Pediatric Critical Care Medicine | 2013
Desiree van den Hondel; Marlous J. Madderom; Andre Goedegebure; Saskia J. Gischler; Petra Mazer; Dick Tibboel; Hanneke IJsselstijn
Objectives: To determine the prevalence of hearing loss in school-age children who have undergone neonatal extracorporeal membrane oxygenation treatment and to identify any effects of hearing loss on speech and language development. Design: Prospective longitudinal follow-up study within the framework of a structured post-extracorporeal membrane oxygenation follow-up program. Setting: Outpatient clinic of a level III university hospital. Results: Tone audiometry was performed by standardized protocol in 136 children aged 5–12 yrs.

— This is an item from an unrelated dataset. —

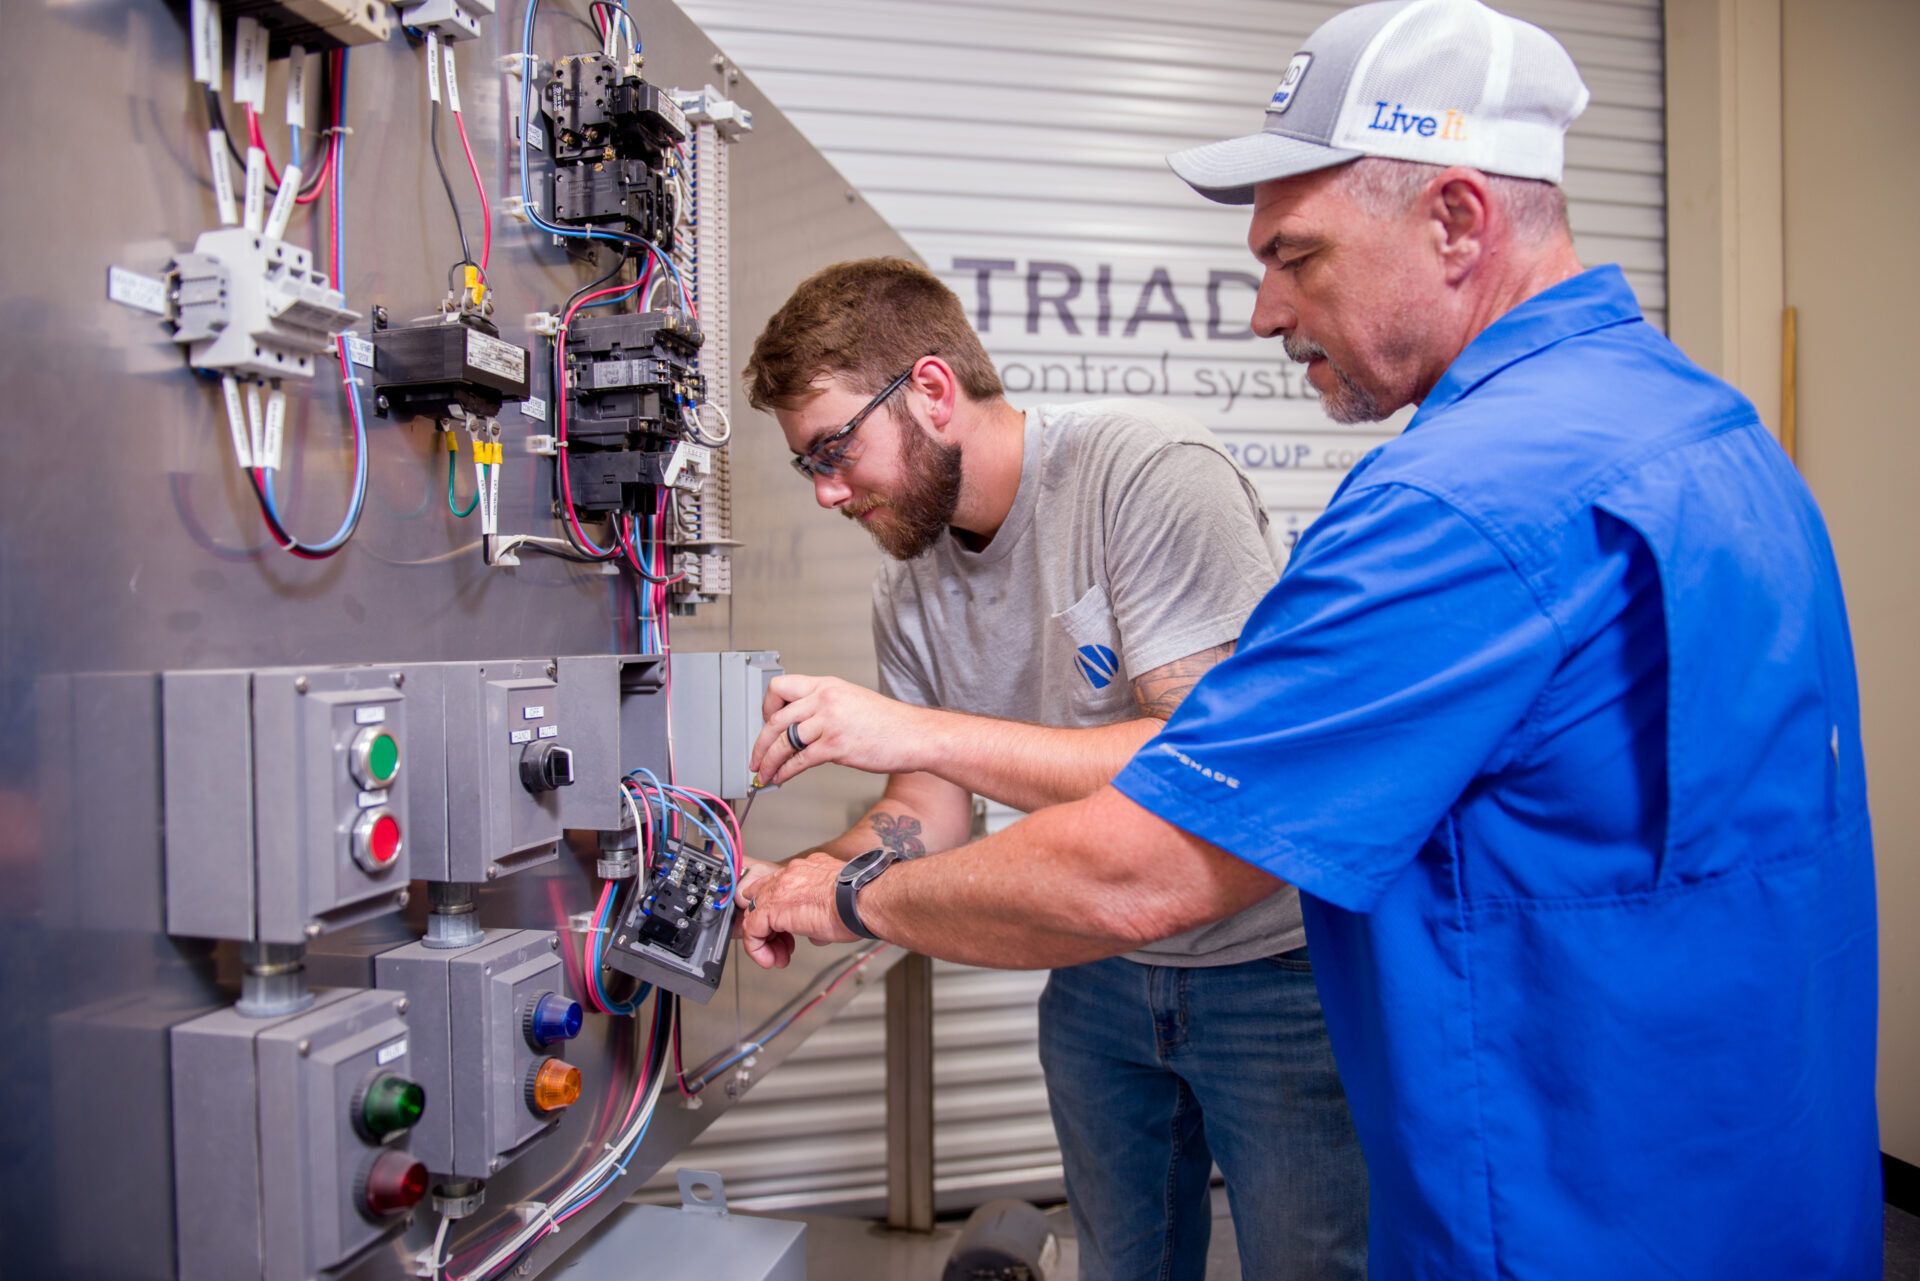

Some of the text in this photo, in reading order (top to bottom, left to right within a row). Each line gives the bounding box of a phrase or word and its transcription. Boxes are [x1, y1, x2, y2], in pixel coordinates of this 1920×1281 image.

Hearing loss was considered clinically significant when >20 dB. Hearing was normal in 75.7% of children. Five children (3.7%) had bilateral sensorineural or combined hearing loss; three of them received special audiological care (2.2% of total sample). Of the 24 children with congenital diaphragmatic hernia, 19 (79.2%) had normal hearing and only two (8.3%) had mild sensorineural hearing loss, unilateral in one of them. Follow-up at 24 months of age had shown normal verbal and nonverbal developmental scores. Language development and intelligence median (range) scores at 5 yrs of age were also normal: receptive language development 104 (55–133), syntactical development 104 (68–132), and lexical development 101 (50–141) for 89 children; intelligence quotient 104 (68–132) for 106 children. Scores did not differ among those with normal hearing, mild hearing loss, and moderate-to-severe hearing loss (p = 0.800, p = 0.639, p = 0.876, and p = 0.886, for the respective developmental tests). Conclusions: We found normal language development and intelligence in a cohort of neonatal extracorporeal membrane oxygenation survivors. The prevalence of bilateral sensorineural hearing loss was in accordance with that of a larger series in the United States—which exceeds the prevalence in the normal population.